As reported in the Journal of Clinical Oncology by Friedman and colleagues, the Children’s Oncology Group study AHOD0031 has shown that early response to dose-intensive chemotherapy can be used to tailor subsequent therapy in pediatric intermediate-risk Hodgkin lymphoma.

Study Details

In the trial, which enrolled patients between September 2002 and July 2009, 1,712 evaluable patients (median age at diagnosis = 15.2 years, range = 1.9–21.9 years) received two cycles of ABVE-PC (doxorubicin, bleomycin, vincristine, etoposide, cyclophosphamide, and prednisone) followed by response evaluation. Rapid early responders (n = 1,369) received two additional ABVE-PC cycles followed by a complete response evaluation.

Those with a complete response (n = 762) were randomly assigned to receive involved-field radiotherapy (n = 380) or no additional therapy (n = 382). Slow early responders to two cycles of ABVE-PC (n = 305) were randomly assigned to receive two additional ABVE-PC cycles with (n = 153) or without (n = 151) two cycles of DECA (dexamethasone, etoposide, cisplatin, and cytarabine), with all slow early responders receiving involved-field radiotherapy.

Overall, 4-year event-free survival was 85.0%, including 86.9% for rapid early responders and 77.4% for slow early responders (P < .001), and 4-year overall survival was 97.8%, including 98.5% for rapid and 95.3% for slow early responders (P < .001).

Effect of Radiotherapy in Rapid Responders

Among rapid early responders with a complete response, the 4-year event-free survival rate was 87.9% in those receiving involved-field radiotherapy vs 84.3% in those not receiving radiotherapy (P = .11). In a subgroup of 550 patients undergoing positron-emission tomography (PET) assessment for response, 4-year event-free survival was 86.7% vs 87.3% (P = .87) among those with PET-negative results and 83.1% vs 78.1% (P = .80) in those with PET-positive results.

Effect of DECA in Slow Responders

Among slow early responders, 4-year event-free survival was 79.3% in those receiving DECA vs 75.2% in those not receiving DECA (P = .11). In a subgroup of 196 patients with PET results, 4-year event-free survival was 90.1% with DECA vs 85.6% without DECA (P = .54) in those with PET-negative results and 70.7% vs 54.6% (P = .05) in those with PET-positive results.

The investigators concluded: “This trial demonstrated that early response assessment supported therapeutic titration (omitting radiotherapy in [rapid early responders] with [complete response]; augmenting chemotherapy in [slow early responders] with PET-positive disease). Strategies directed toward improved response assessment and risk stratification may enhance tailoring of treatment to patient characteristics and response.”

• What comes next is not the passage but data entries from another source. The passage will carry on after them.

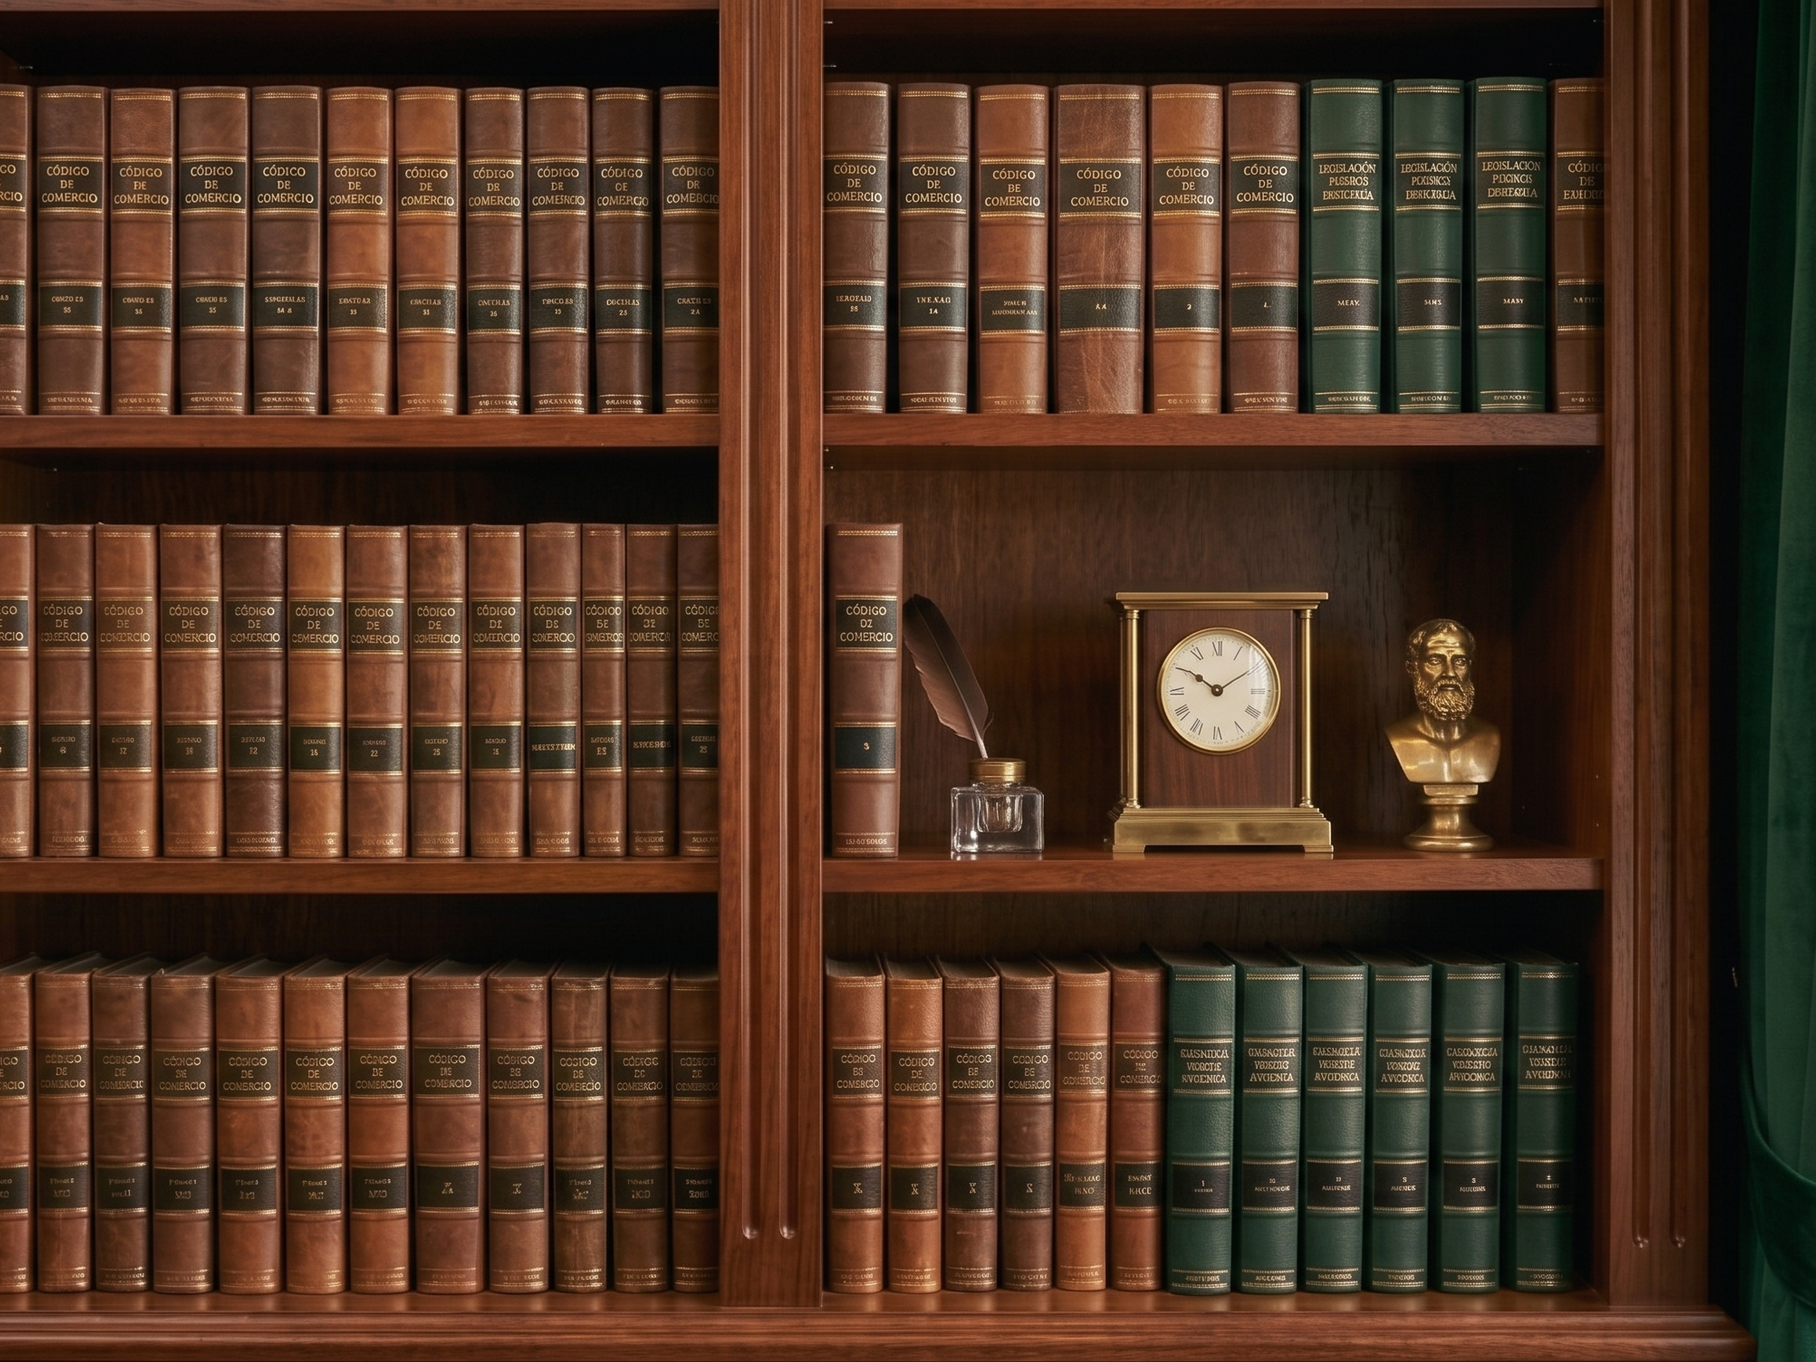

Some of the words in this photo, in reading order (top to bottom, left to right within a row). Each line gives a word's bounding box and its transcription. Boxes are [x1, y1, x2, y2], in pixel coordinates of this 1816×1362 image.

[46, 165, 89, 176] CÓDIGO
[120, 166, 162, 177] CÓDIGO
[190, 165, 233, 176] CÓDIGO
[334, 166, 376, 178] CÓDIGO
[405, 166, 448, 178] CÓDIGO
[472, 167, 514, 179] CÓDIGO
[537, 166, 579, 178] CÓDIGO
[601, 166, 643, 178] CÓDIGO
[912, 164, 956, 176] CÓDIGO
[992, 168, 1036, 179] CÓDIGO
[1076, 168, 1121, 179] CÓDIGO
[1166, 166, 1209, 178] CÓDIGO
[1243, 164, 1288, 176] CÓDIGO
[60, 180, 74, 189] DE
[205, 180, 218, 189] DE
[277, 181, 291, 189] DE
[348, 182, 362, 190] DE
[419, 182, 433, 191] DE
[847, 179, 861, 187] DE
[1182, 182, 1195, 191] DE
[1258, 180, 1272, 188] DE
[1093, 184, 1108, 193] DE
[42, 193, 98, 203] COMERCIO
[114, 194, 169, 204] COMERCIO
[185, 193, 241, 203] COMERCIO
[257, 194, 314, 203] COMERCIO
[329, 195, 383, 205] COMERCIO
[401, 196, 454, 206] COMERCIO
[468, 196, 520, 206] COMERCIO
[827, 192, 882, 202] COMERCIO
[905, 193, 962, 203] COMERCIO
[984, 196, 1040, 206] COMERCIO
[1071, 197, 1129, 206] COMERCIO
[1159, 195, 1214, 205] COMERCIO
[1236, 193, 1294, 203] COMERCIO
[169, 604, 208, 616] CÓDIGO
[295, 605, 334, 617] CÓDIGO
[354, 606, 394, 617] CÓDIGO
[846, 603, 887, 616] CÓDIGO
[55, 619, 69, 628] DE
[181, 620, 195, 629] DE
[840, 632, 893, 642] COMERCIO
[55, 1067, 67, 1076] DE

The study was supported by a National Cancer Institute grant. The authors indicated no potential conflicts of interest.

Debra L. Friedman, MD, of Vanderbilt-Ingram Cancer Center, is the corresponding author for the Journal of Clinical Oncology article. 

The content in this post has not been reviewed by the American Society of Clinical Oncology, Inc. (ASCO®) and does not necessarily reflect the ideas and opinions of ASCO®.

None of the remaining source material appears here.